# [Work required]
Verbatim output of the lines below is required, with the images omitted.

[[ Excerpted data open ]]

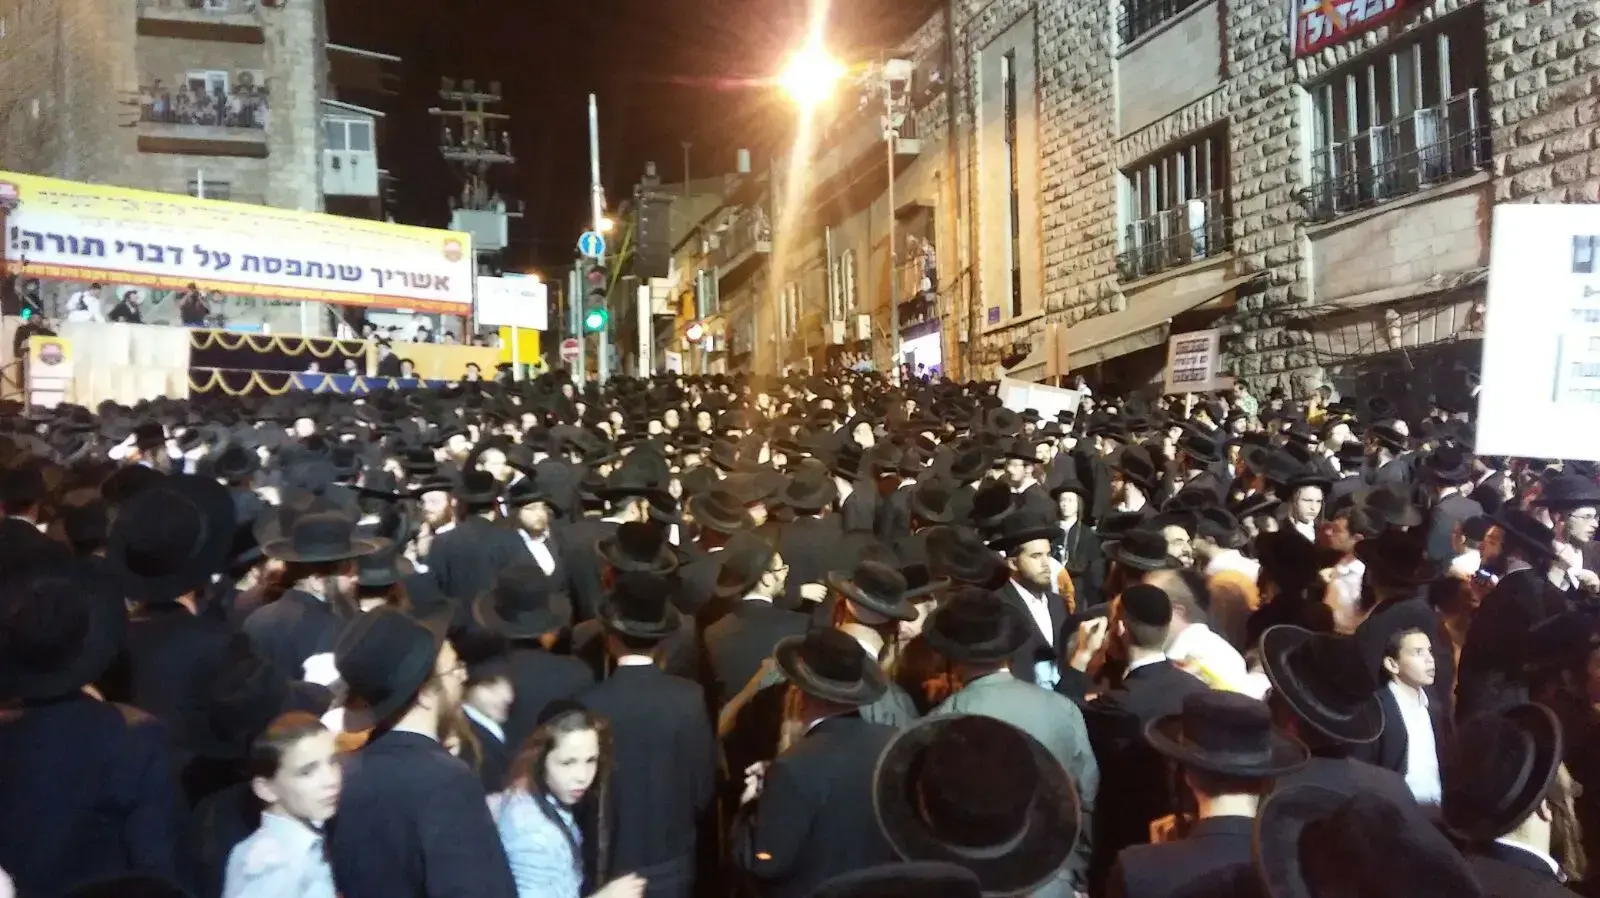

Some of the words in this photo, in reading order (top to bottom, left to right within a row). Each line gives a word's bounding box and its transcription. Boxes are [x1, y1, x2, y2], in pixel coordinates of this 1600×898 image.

[10, 225, 105, 257] תורה!
[114, 239, 184, 265] דברי
[192, 243, 232, 270] על
[240, 253, 362, 282] שנתפסת
[370, 266, 451, 292] אשריך
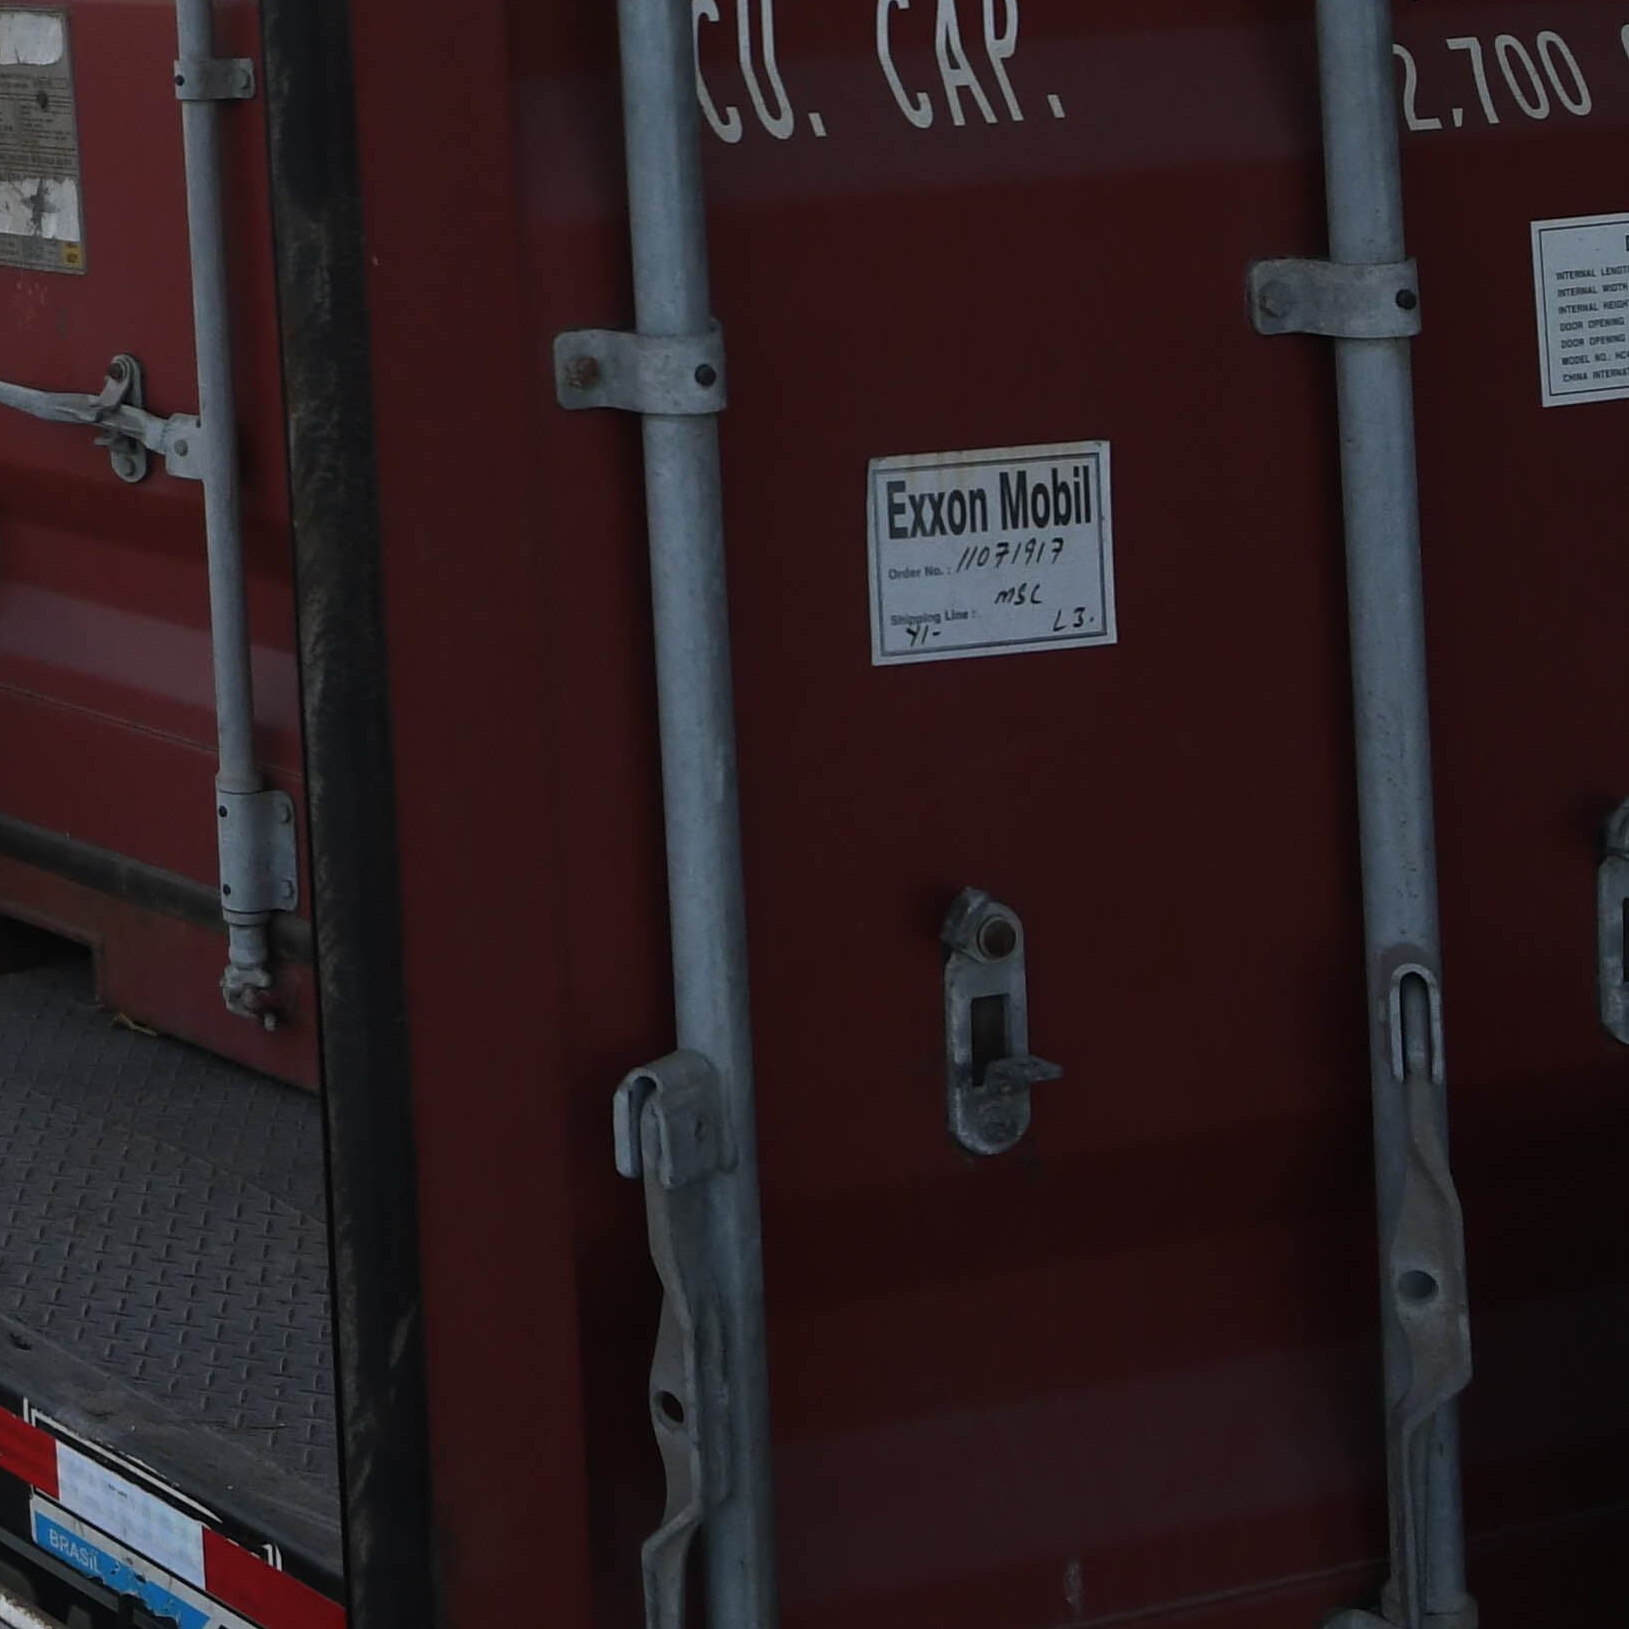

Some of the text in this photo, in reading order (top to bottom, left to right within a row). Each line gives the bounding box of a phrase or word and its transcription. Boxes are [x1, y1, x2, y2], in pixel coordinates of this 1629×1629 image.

[[ Excerpted data closed ]]

# [Answer for this exercise]
Some of the words in this photo, in reading order (top to bottom, left to right within a row). Each line gives a word's bounding box and its transcription. Boxes are [x1, y1, x2, y2], in pixel coordinates of this 1600×898 image.

[10, 225, 105, 257] תורה!
[114, 239, 184, 265] דברי
[192, 243, 232, 270] על
[240, 253, 362, 282] שנתפסת
[370, 266, 451, 292] אשריך

Some of the text in this photo, in reading order (top to bottom, left to right within a row). Each line gives the bounding box of a phrase or word and its transcription. Boxes are [x1, y1, x2, y2], in pixel coordinates of this 1629×1629 image.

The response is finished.